++++ Data for analysis ++++

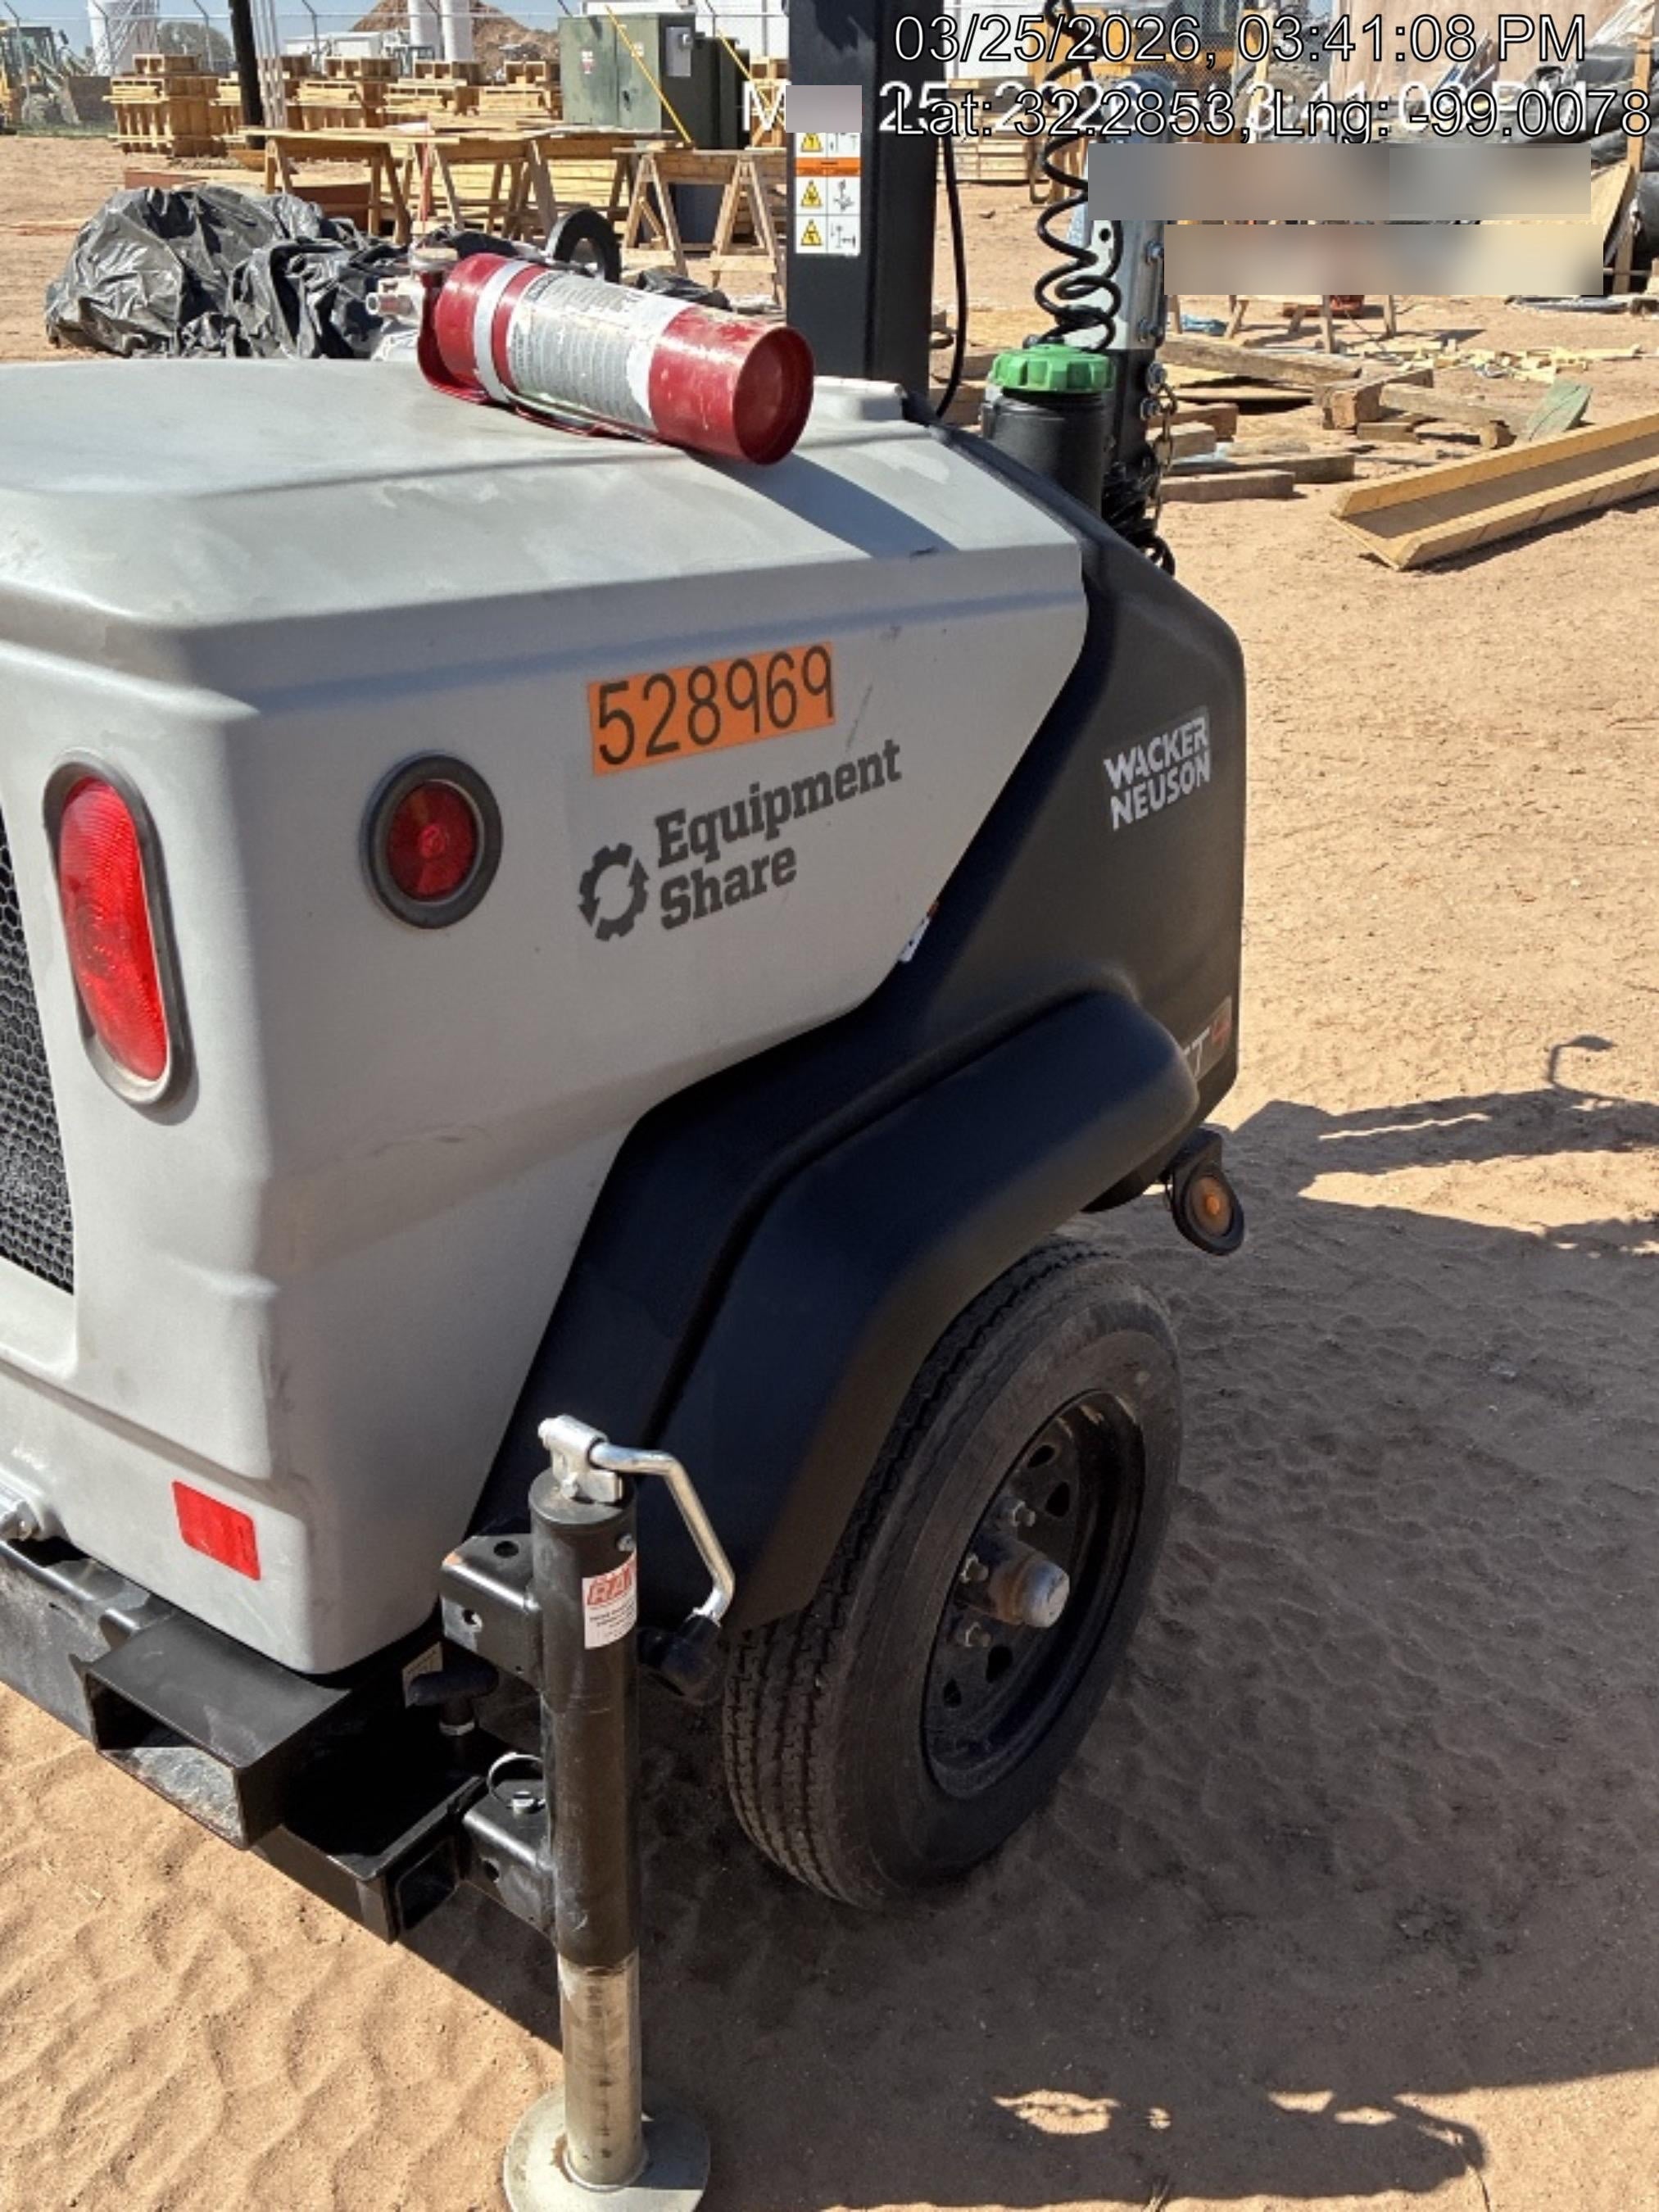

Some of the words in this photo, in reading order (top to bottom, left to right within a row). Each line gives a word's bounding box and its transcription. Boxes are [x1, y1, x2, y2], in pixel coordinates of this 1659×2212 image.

[598, 645, 834, 765] 528969
[1104, 717, 1208, 790] WACKER
[1110, 750, 1210, 831] NEUSON
[655, 739, 902, 868] Equipment
[660, 845, 798, 931] Share
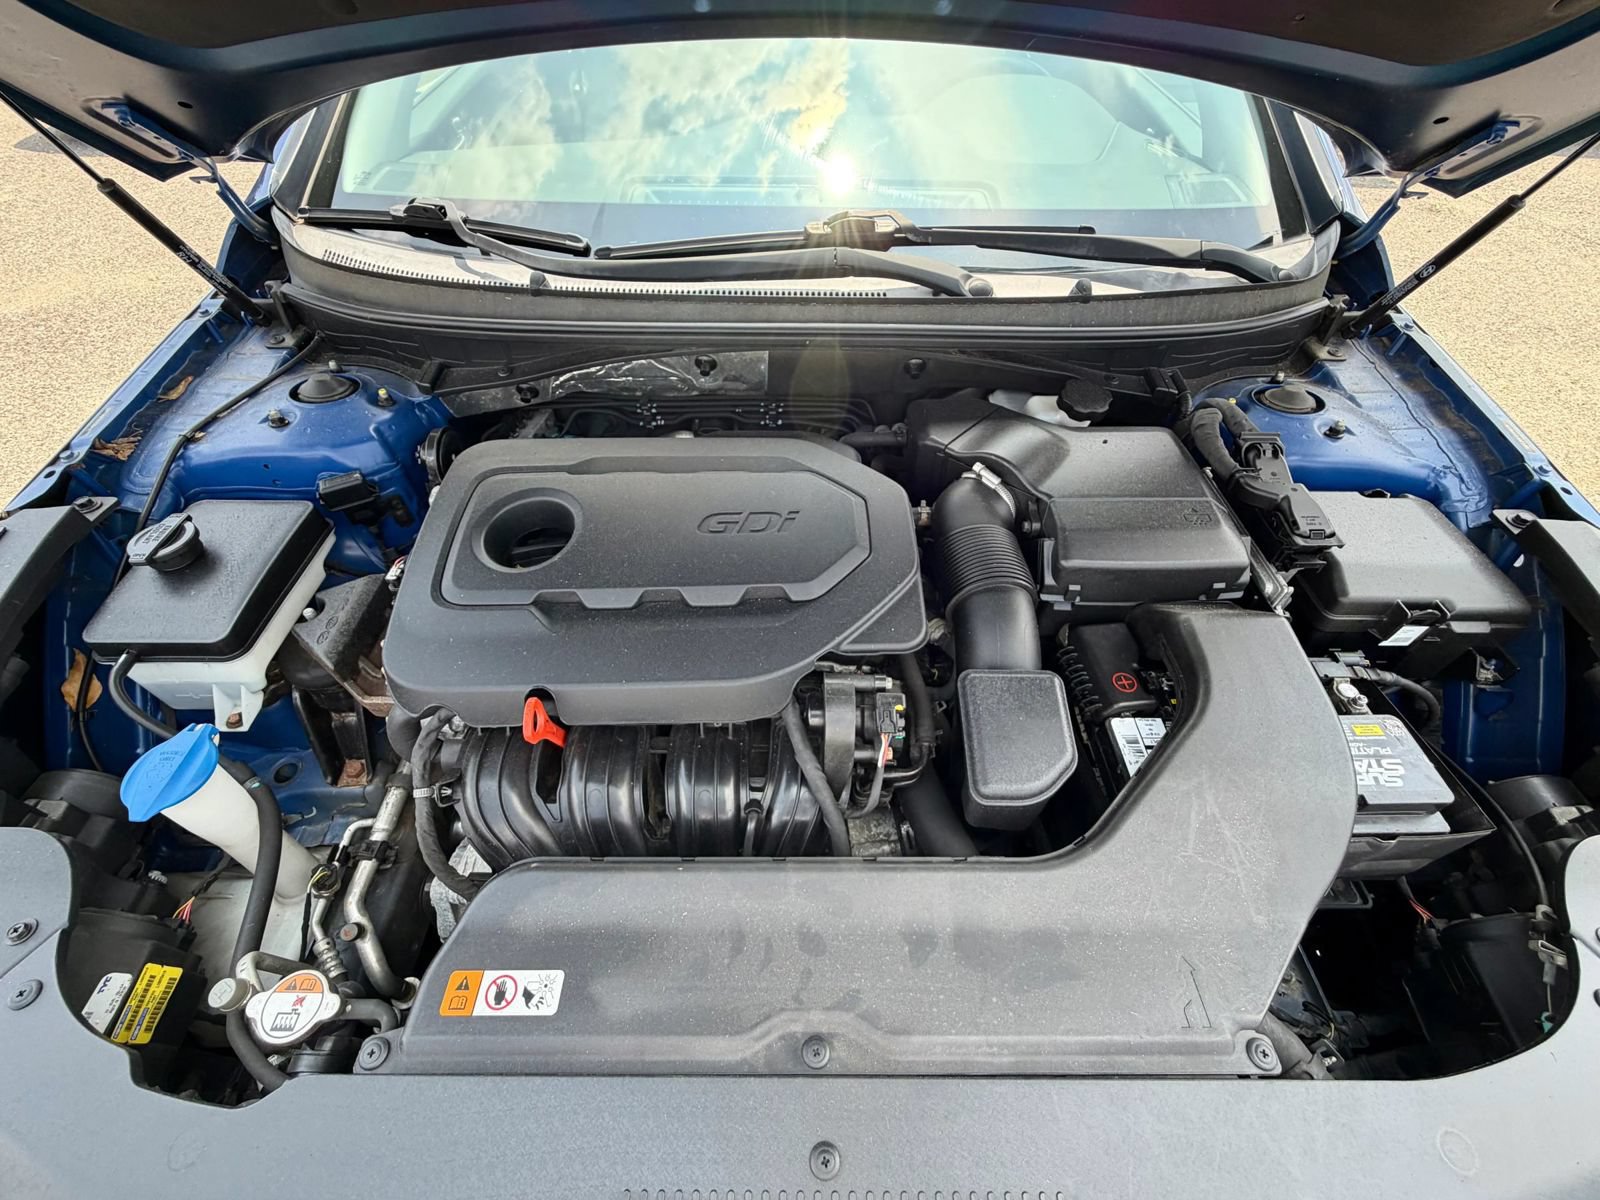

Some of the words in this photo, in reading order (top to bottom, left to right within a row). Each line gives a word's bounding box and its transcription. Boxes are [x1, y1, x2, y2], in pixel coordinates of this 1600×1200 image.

[176, 251, 193, 263] RH
[695, 509, 801, 535] GDi
[97, 976, 113, 995] TYC
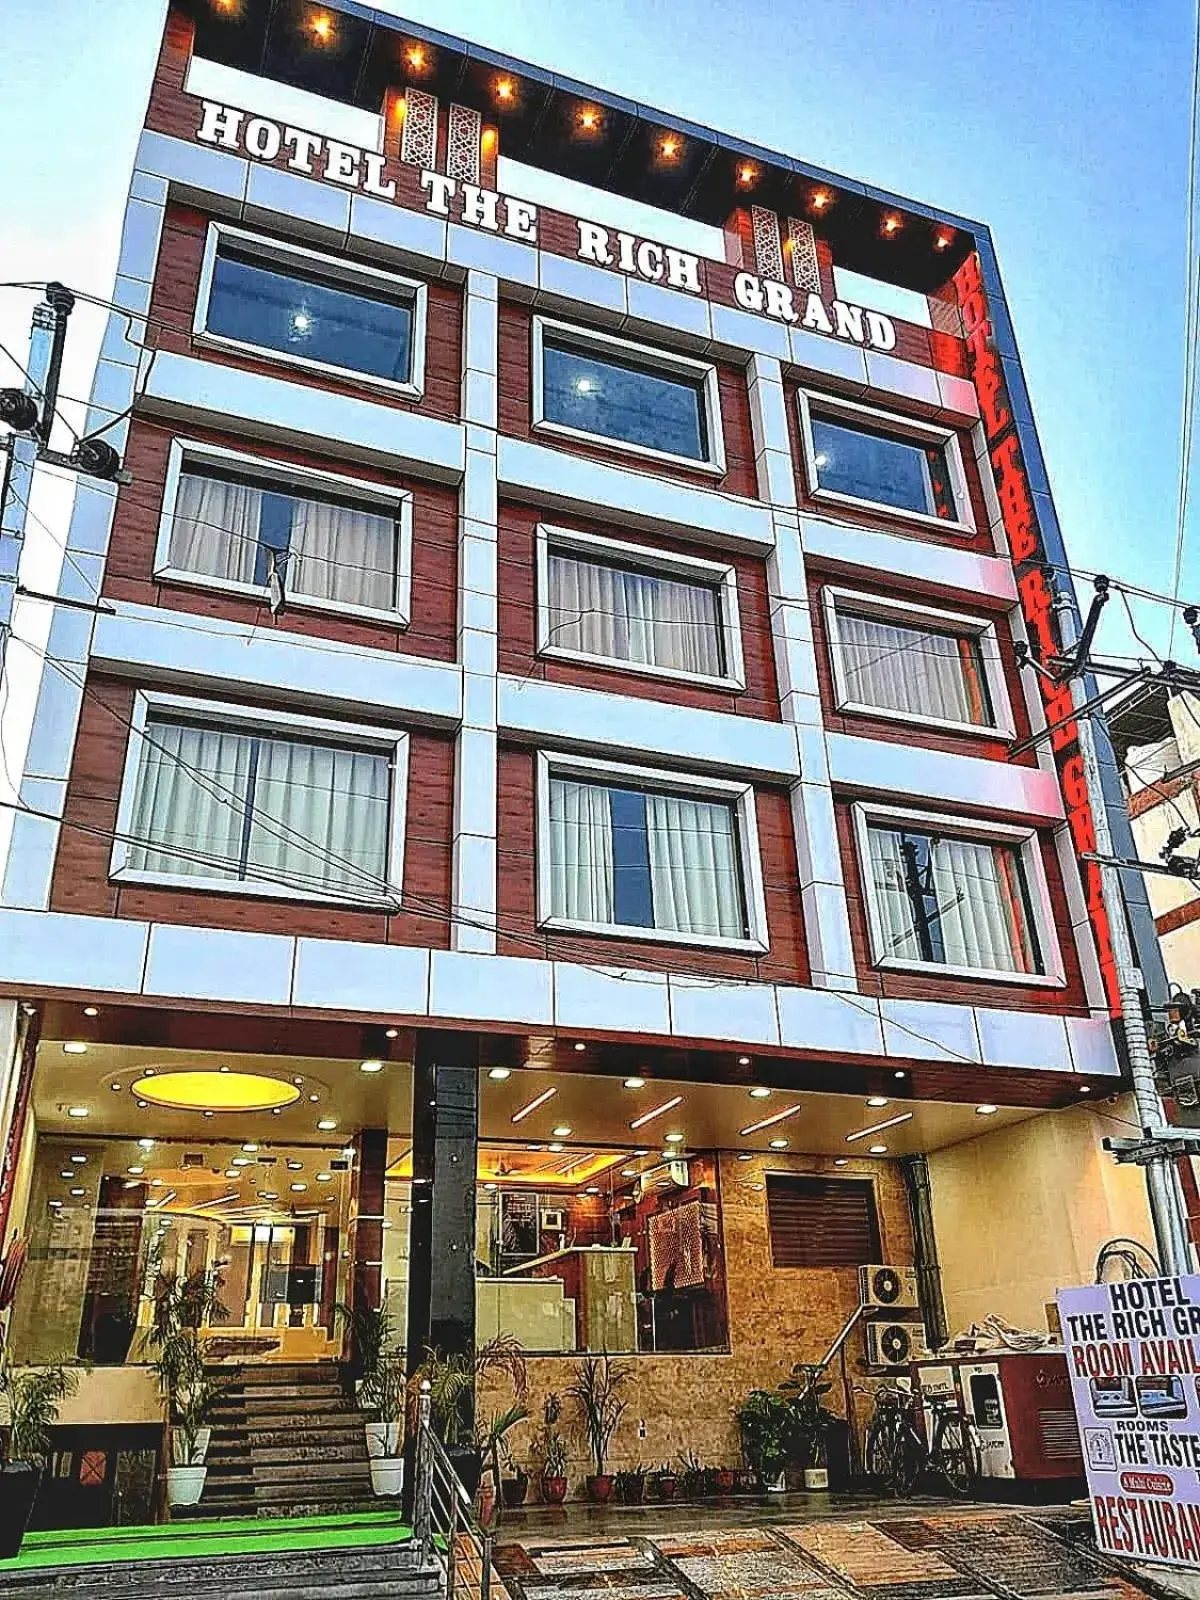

++++

- **Task objective**: Reproduce the data exactly, please, and omit its pictures.

- **Completed task**:
Some of the words in this photo, in reading order (top to bottom, left to right within a row). Each line gives a word's bounding box and its transcription. Boxes are [x1, y1, x2, y2], in pixel coordinates of this 1659×2212 image.

[598, 645, 834, 765] 528969
[1104, 717, 1208, 790] WACKER
[1110, 750, 1210, 831] NEUSON
[655, 739, 902, 868] Equipment
[660, 845, 798, 931] Share

Some of the words in this photo, in reading order (top to bottom, left to right within a row). Each line gives a word's bounding box and its transcription. Boxes are [x1, y1, x2, y2], in pixel coordinates of this 1600×1200 image.

[176, 251, 193, 263] RH
[695, 509, 801, 535] GDi
[97, 976, 113, 995] TYC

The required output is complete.